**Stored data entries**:
BEGIN

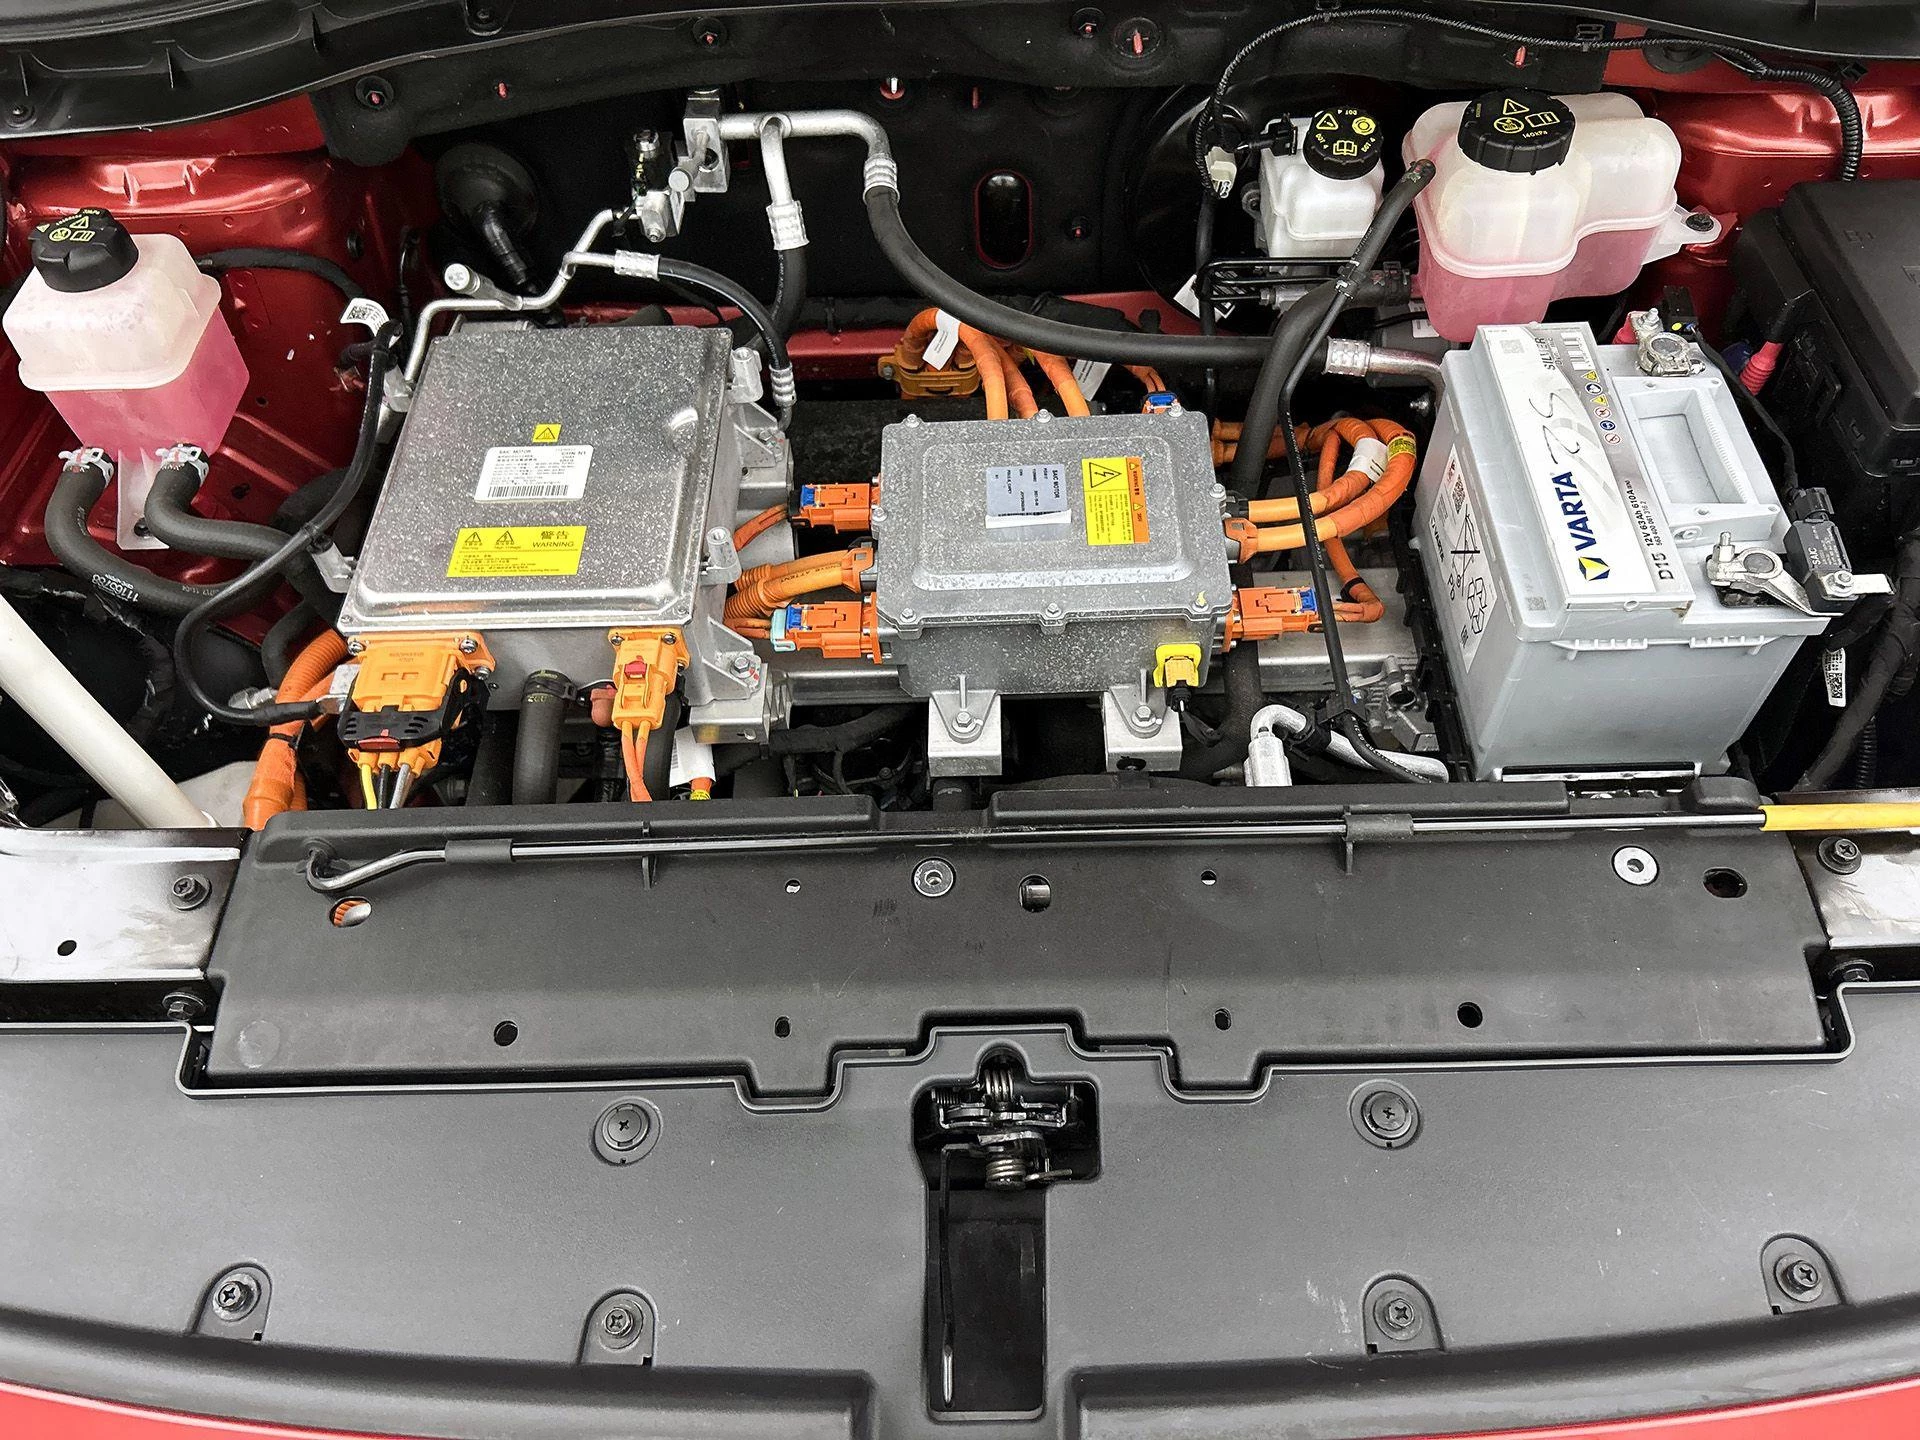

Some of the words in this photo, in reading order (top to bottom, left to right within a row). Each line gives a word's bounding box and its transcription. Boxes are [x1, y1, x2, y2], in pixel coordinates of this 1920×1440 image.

[1626, 489, 1640, 509] 610A
[1551, 471, 1597, 551] VARTA
[1634, 510, 1648, 530] 63Ah
[540, 530, 569, 540] 警告
[1641, 532, 1654, 547] 12V
[532, 541, 575, 549] WARNING
[1651, 552, 1674, 580] D15
[1807, 547, 1821, 566] SAIC
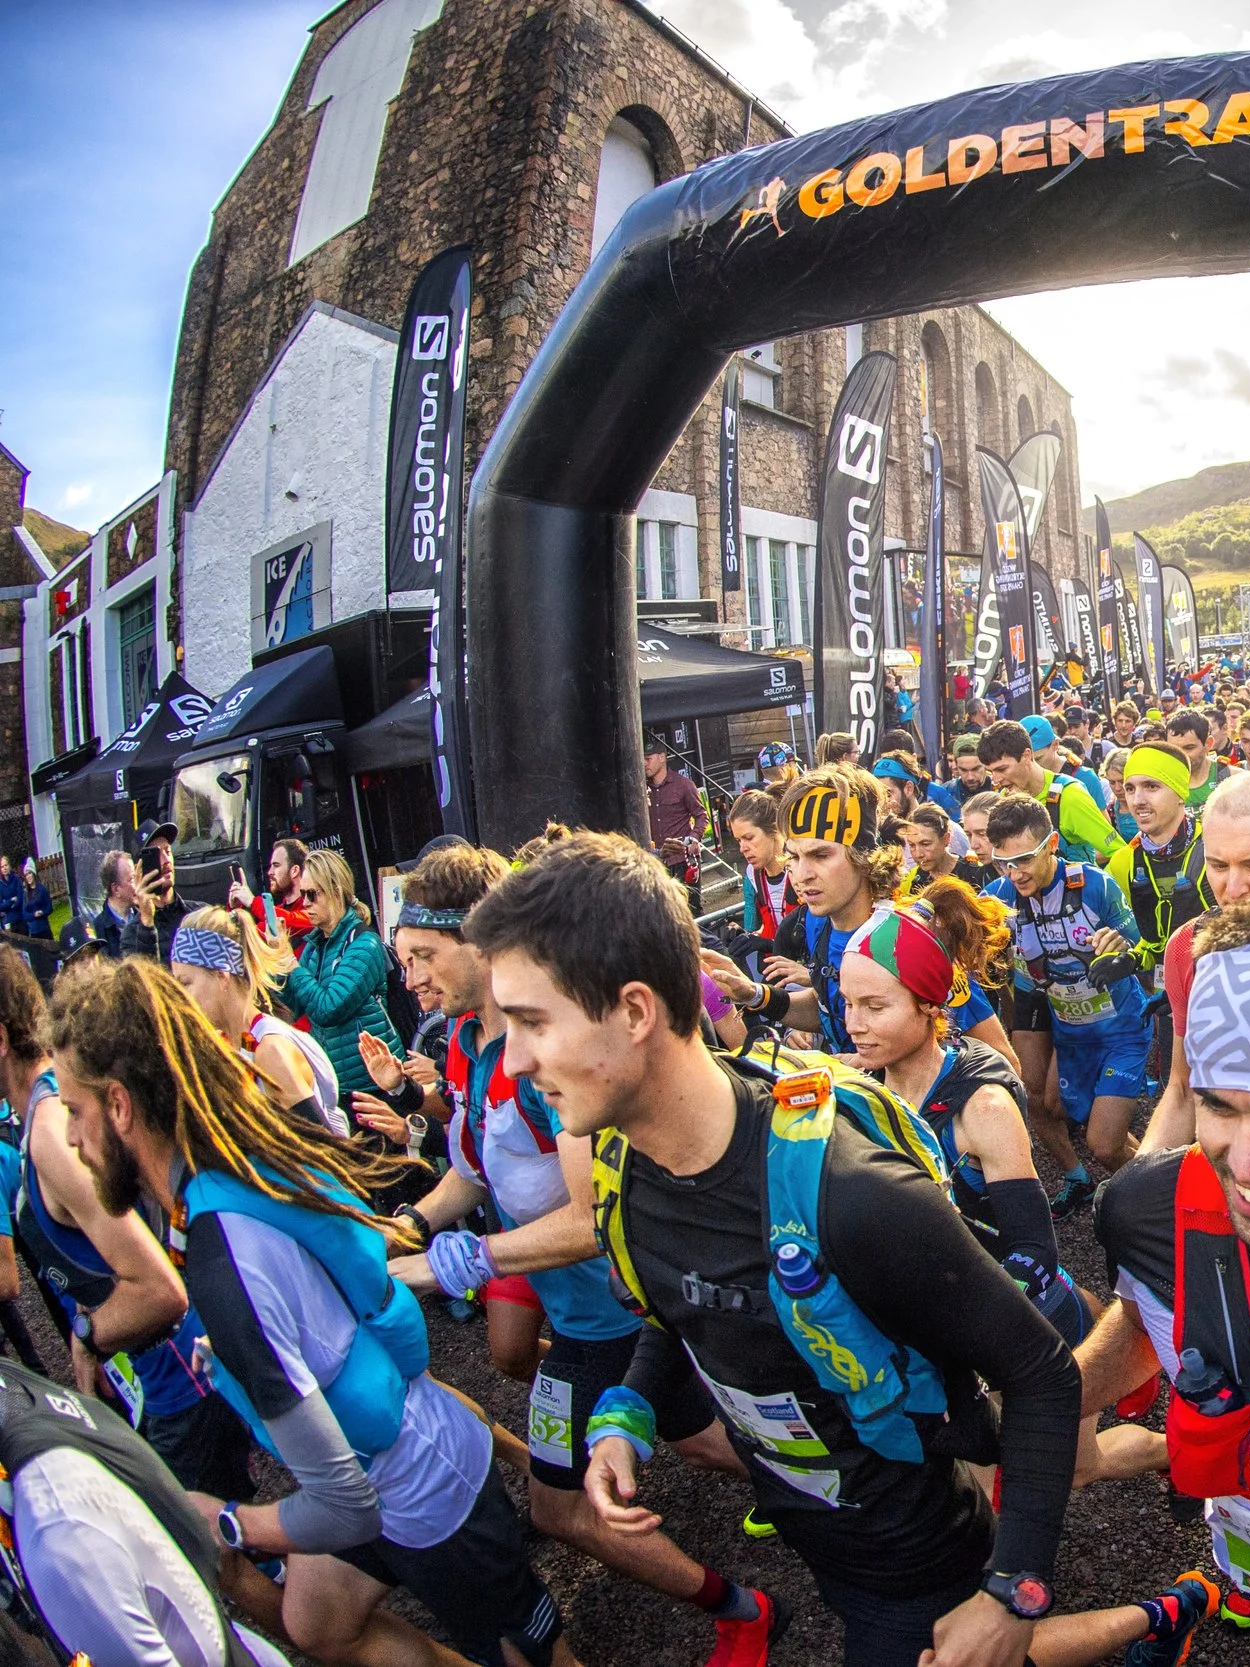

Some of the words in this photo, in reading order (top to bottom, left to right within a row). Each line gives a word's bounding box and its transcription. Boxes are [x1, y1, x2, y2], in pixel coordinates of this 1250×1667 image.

[265, 554, 287, 585] ICE
[1060, 1000, 1094, 1017] 280
[758, 1404, 794, 1415] Scotland
[529, 1404, 568, 1448] 52

END

**Problem to work on**:
Exactly reproduce the lines of the data above that run from the line containing "this 1250×1667 image." through the final one.

**Result for this task**:
Some of the words in this photo, in reading order (top to bottom, left to right within a row). Each line gives a word's bounding box and its transcription. Boxes are [x1, y1, x2, y2], in pixel coordinates of this 1250×1667 image.

[265, 554, 287, 585] ICE
[1060, 1000, 1094, 1017] 280
[758, 1404, 794, 1415] Scotland
[529, 1404, 568, 1448] 52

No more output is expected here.